Il est aussi architecte et administrateur des Monts-de-Piété (1890), membre de la Commission des logements insalubres (1885-1899) ; on lui connaît surtout de nombreuses réhabilitations, adaptations de locaux administratifs : bureaux de postes (rue Jouffroy, rue Singer, boulevard Voltaire, rue de Grenelle, ...), écoles (École Boulle, 1891-1892; École Ganneron, 1893), théâtres (l'Opéra Populaire, salle des Folies-Dramatiques, 1899).
A Liège, en 1905, Léopold Decron est encore en charge de la Section des Colonies françaises installée dans le Jardin d'Acclimatation et le Parc de la Boverie. Chaque colonie ou protectorat, répartis en quatre groupes, occupe édifice du style du pays. Ce sont les pavillons des Colonies africaines, des Colonies asiatiques, de l'Algérie et de la Tunisie.

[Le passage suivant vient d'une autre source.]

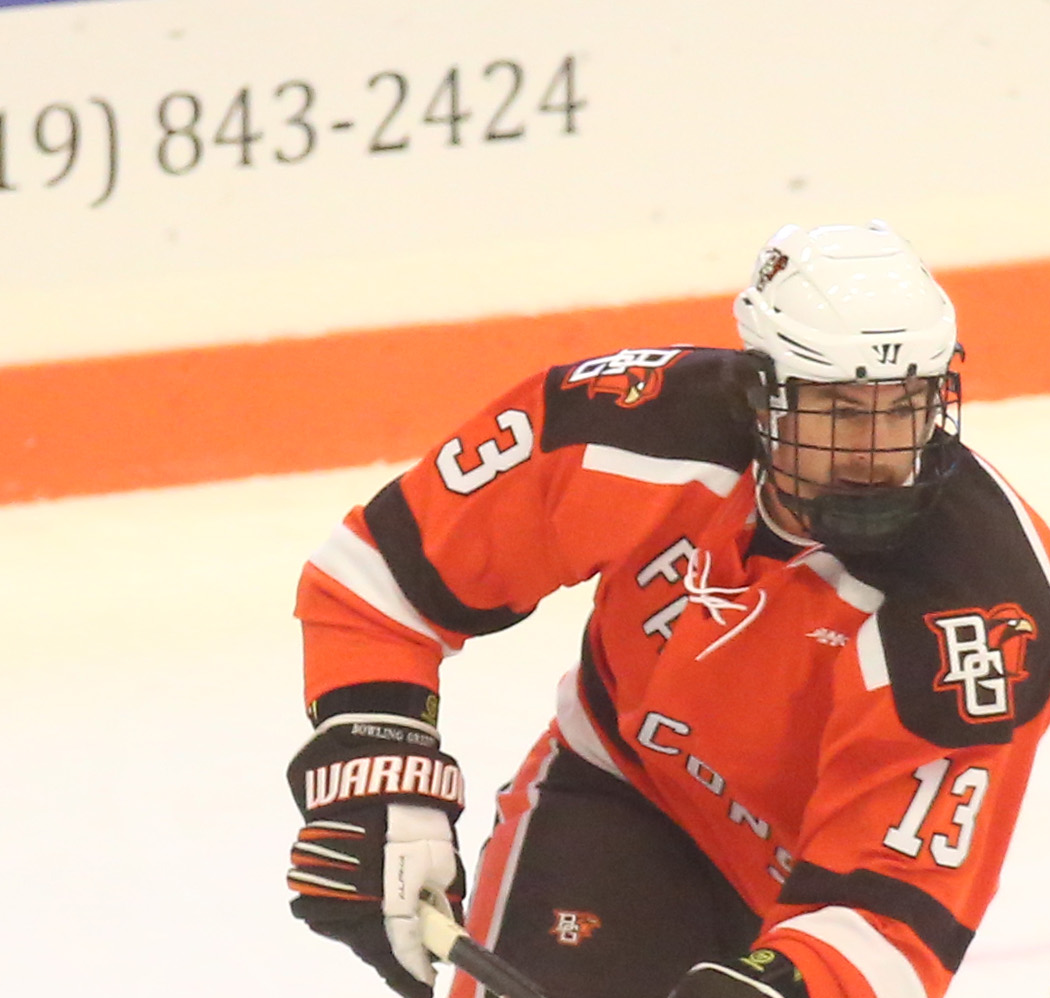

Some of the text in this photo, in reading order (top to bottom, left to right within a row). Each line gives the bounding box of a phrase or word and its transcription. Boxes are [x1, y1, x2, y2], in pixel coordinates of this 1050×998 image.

En 1908, son nom est cité à propos de l'incendie qui a complètement détruit l'Hôtel des Téléphones, rue Gutemberg. Heureusement, on ne déplore aucune victime, la catastrophe s'est produite un dimanche. Les dégâts matériels sont très importants. L'Hôtel Gutenberg doit être mis pendant plusieurs mois hors service pour la plus grande partie, et un très grand nombre d'abonnés, 18 000, d'après le chiffre officiel, sont privés de toute communication pendant plus d'un trimestre. Il y aura de nombreux procès ...
Le travail de Decron ne sera cependant pas incriminé par l'enquête.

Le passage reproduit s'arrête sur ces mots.